An exact reproduction of all the data is needed, with no images in it.

- _Material to process_:
---------------

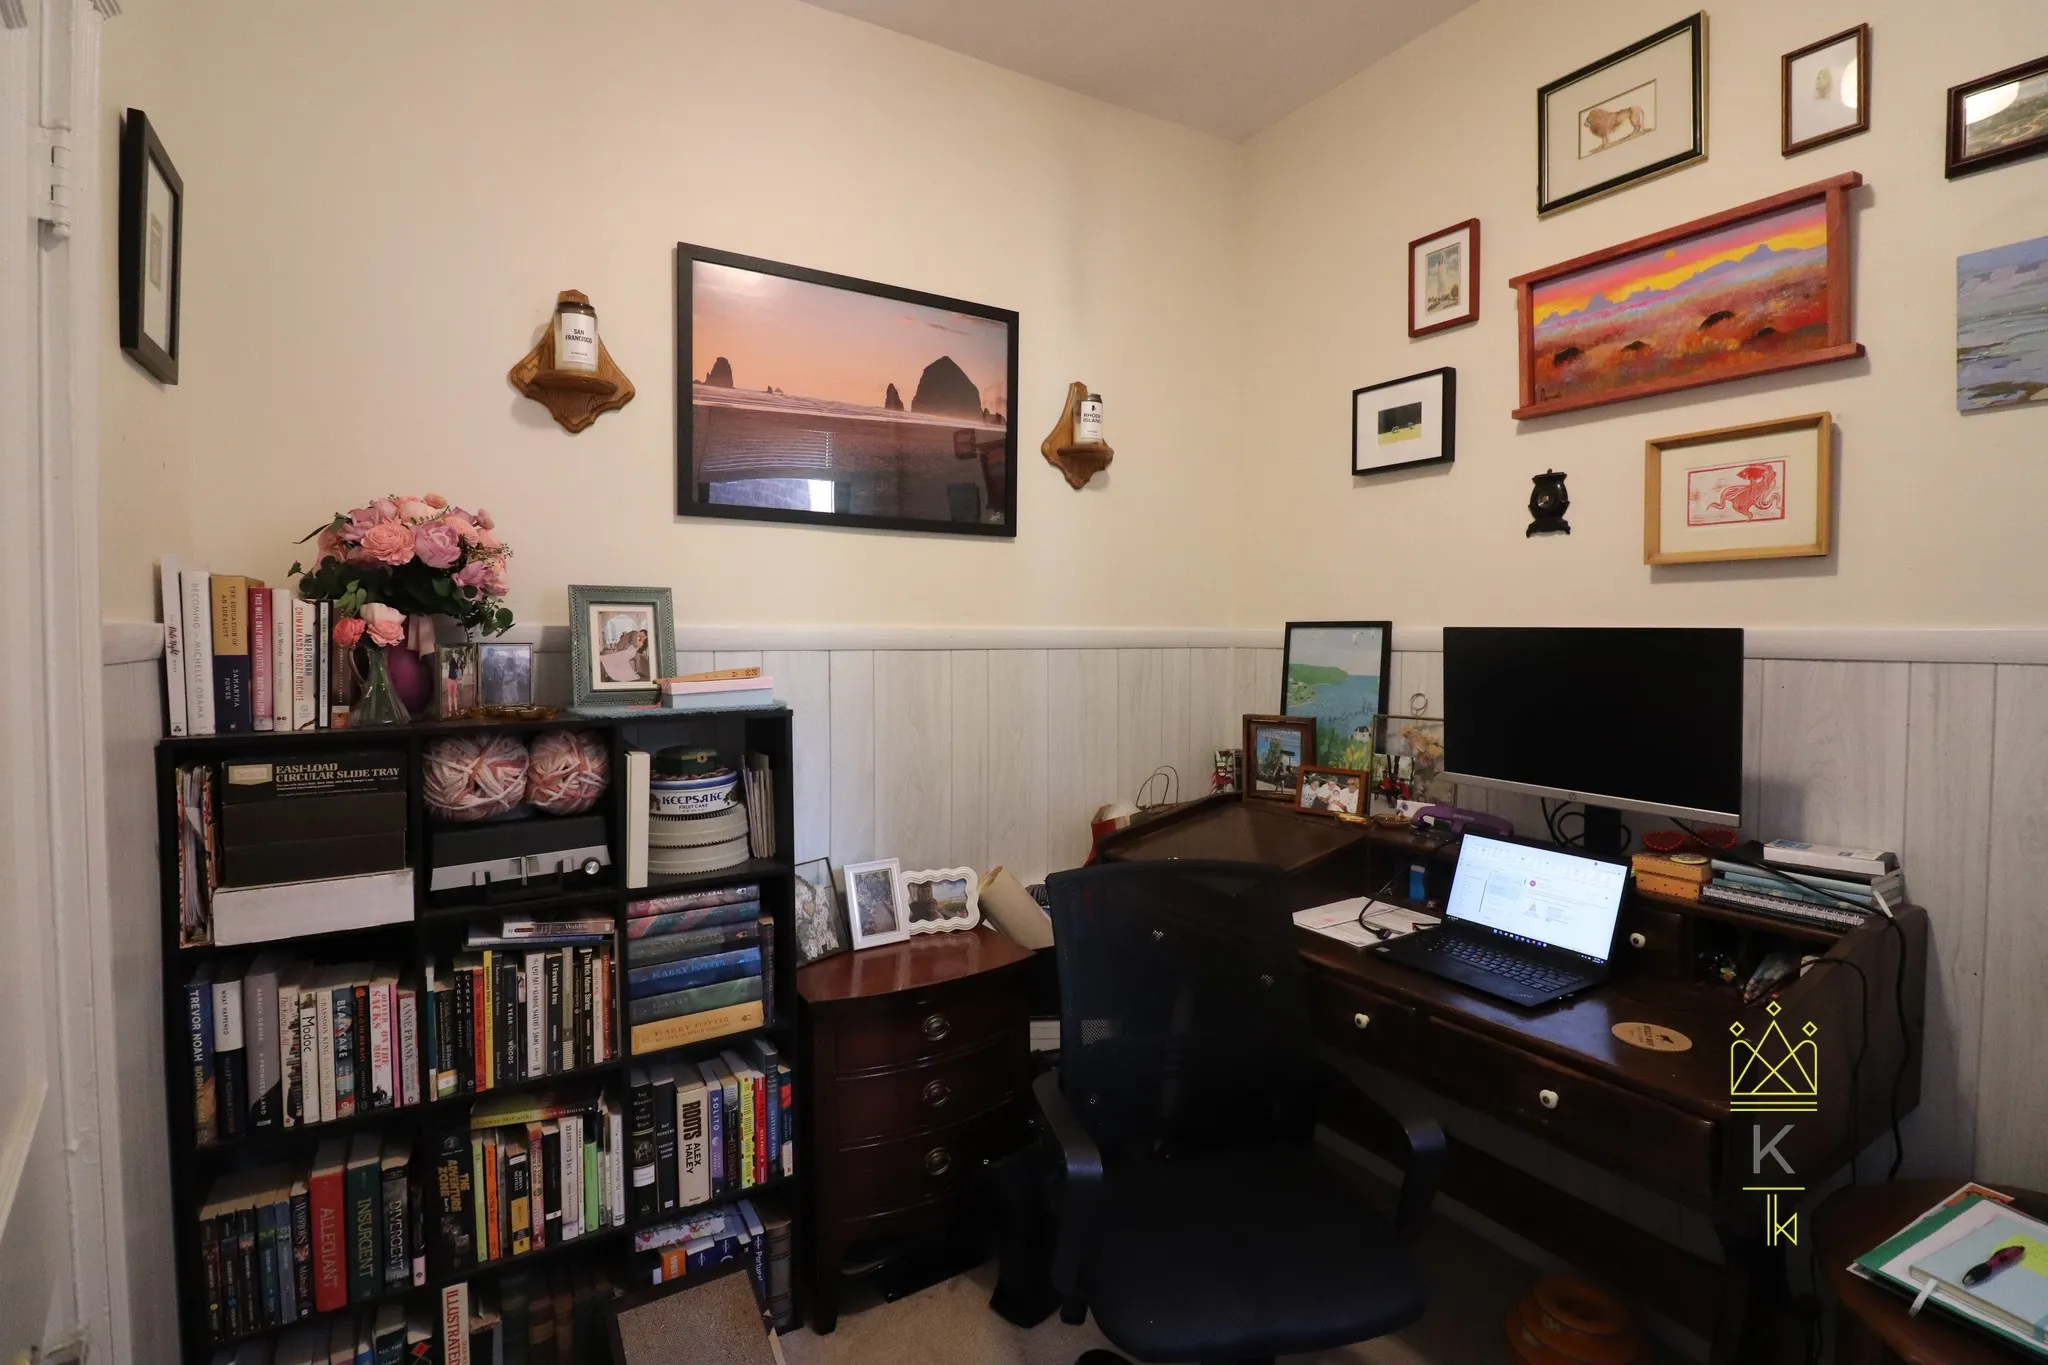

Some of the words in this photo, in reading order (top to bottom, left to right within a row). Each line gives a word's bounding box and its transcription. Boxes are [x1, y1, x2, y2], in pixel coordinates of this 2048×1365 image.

[565, 335, 593, 344] FRANCISCO
[190, 583, 201, 629] BECOMING
[221, 595, 227, 604] AN
[254, 593, 263, 605] THIS
[230, 601, 238, 637] EDUCATION
[254, 606, 263, 619] WILL
[168, 627, 179, 640] Date
[255, 621, 264, 634] ONLY
[295, 607, 304, 651] CHIMAMANDA
[168, 641, 181, 656] Night
[232, 638, 238, 647] OF
[304, 633, 313, 676] AMERICANAH
[193, 642, 204, 683] MICHELLE
[295, 653, 304, 674] NGOZI
[224, 677, 232, 700] POWER
[232, 669, 240, 708] SAMANTHA
[295, 675, 304, 702] ADICHIE
[195, 688, 205, 719] OBAMA
[275, 762, 338, 774] EASI-LOAD
[275, 772, 335, 783] CIRCULAR
[336, 769, 370, 780] SLIDE
[371, 767, 400, 778] TRAY
[662, 792, 723, 805] KEEPSAKE
[565, 922, 588, 930] Walden
[584, 954, 592, 964] The
[584, 964, 592, 976] Nick
[651, 966, 689, 979] HARRY
[691, 959, 727, 972] POTTER
[551, 967, 559, 986] Farewell
[584, 976, 592, 993] Adams
[220, 990, 229, 1005] WHAT
[255, 988, 264, 1015] BARACK
[280, 996, 289, 1008] The
[381, 994, 389, 1024] OLIVER
[551, 993, 559, 1006] Arms
[584, 994, 592, 1011] Stories
[189, 990, 203, 1031] TREVOR
[221, 1007, 230, 1035] HAPPENED
[320, 1002, 330, 1034] BASSOON
[372, 991, 383, 1030] SACKS
[402, 1002, 413, 1028] ANNE
[257, 1018, 265, 1042] OBAMA
[302, 1016, 315, 1053] Modoc
[382, 1031, 390, 1043] ON
[191, 1032, 204, 1062] NOAH
[322, 1037, 331, 1055] KING
[338, 1032, 348, 1058] CAKE
[373, 1045, 383, 1070] MOVE
[382, 1047, 390, 1066] THE
[403, 1029, 414, 1062] FRANK
[507, 1039, 515, 1065] WOODS
[194, 1065, 205, 1089] BORN
[258, 1059, 266, 1093] PROMISED
[259, 1096, 267, 1115] LAND
[712, 1097, 721, 1131] SOLITO
[682, 1100, 702, 1141] ROOTS
[686, 1143, 694, 1174] HALEY
[693, 1142, 702, 1167] ALEX
[437, 1166, 450, 1198] ZONE
[446, 1160, 462, 1213] ADVENTURE
[460, 1172, 471, 1191] THE
[295, 1201, 310, 1246] WARRIORS
[388, 1199, 404, 1270] DIVERGENT
[319, 1207, 338, 1289] ALLEGIANT
[357, 1197, 375, 1278] INSURGENT
[299, 1265, 309, 1299] Midnight

---------------

- _Result for this task_:
Some of the words in this photo, in reading order (top to bottom, left to right within a row). Each line gives a word's bounding box and its transcription. Boxes are [x1, y1, x2, y2], in pixel coordinates of this 2048×1365 image.

[565, 335, 593, 344] FRANCISCO
[190, 583, 201, 629] BECOMING
[221, 595, 227, 604] AN
[254, 593, 263, 605] THIS
[230, 601, 238, 637] EDUCATION
[254, 606, 263, 619] WILL
[168, 627, 179, 640] Date
[255, 621, 264, 634] ONLY
[295, 607, 304, 651] CHIMAMANDA
[168, 641, 181, 656] Night
[232, 638, 238, 647] OF
[304, 633, 313, 676] AMERICANAH
[193, 642, 204, 683] MICHELLE
[295, 653, 304, 674] NGOZI
[224, 677, 232, 700] POWER
[232, 669, 240, 708] SAMANTHA
[295, 675, 304, 702] ADICHIE
[195, 688, 205, 719] OBAMA
[275, 762, 338, 774] EASI-LOAD
[275, 772, 335, 783] CIRCULAR
[336, 769, 370, 780] SLIDE
[371, 767, 400, 778] TRAY
[662, 792, 723, 805] KEEPSAKE
[565, 922, 588, 930] Walden
[584, 954, 592, 964] The
[584, 964, 592, 976] Nick
[651, 966, 689, 979] HARRY
[691, 959, 727, 972] POTTER
[551, 967, 559, 986] Farewell
[584, 976, 592, 993] Adams
[220, 990, 229, 1005] WHAT
[255, 988, 264, 1015] BARACK
[280, 996, 289, 1008] The
[381, 994, 389, 1024] OLIVER
[551, 993, 559, 1006] Arms
[584, 994, 592, 1011] Stories
[189, 990, 203, 1031] TREVOR
[221, 1007, 230, 1035] HAPPENED
[320, 1002, 330, 1034] BASSOON
[372, 991, 383, 1030] SACKS
[402, 1002, 413, 1028] ANNE
[257, 1018, 265, 1042] OBAMA
[302, 1016, 315, 1053] Modoc
[382, 1031, 390, 1043] ON
[191, 1032, 204, 1062] NOAH
[322, 1037, 331, 1055] KING
[338, 1032, 348, 1058] CAKE
[373, 1045, 383, 1070] MOVE
[382, 1047, 390, 1066] THE
[403, 1029, 414, 1062] FRANK
[507, 1039, 515, 1065] WOODS
[194, 1065, 205, 1089] BORN
[258, 1059, 266, 1093] PROMISED
[259, 1096, 267, 1115] LAND
[712, 1097, 721, 1131] SOLITO
[682, 1100, 702, 1141] ROOTS
[686, 1143, 694, 1174] HALEY
[693, 1142, 702, 1167] ALEX
[437, 1166, 450, 1198] ZONE
[446, 1160, 462, 1213] ADVENTURE
[460, 1172, 471, 1191] THE
[295, 1201, 310, 1246] WARRIORS
[388, 1199, 404, 1270] DIVERGENT
[319, 1207, 338, 1289] ALLEGIANT
[357, 1197, 375, 1278] INSURGENT
[299, 1265, 309, 1299] Midnight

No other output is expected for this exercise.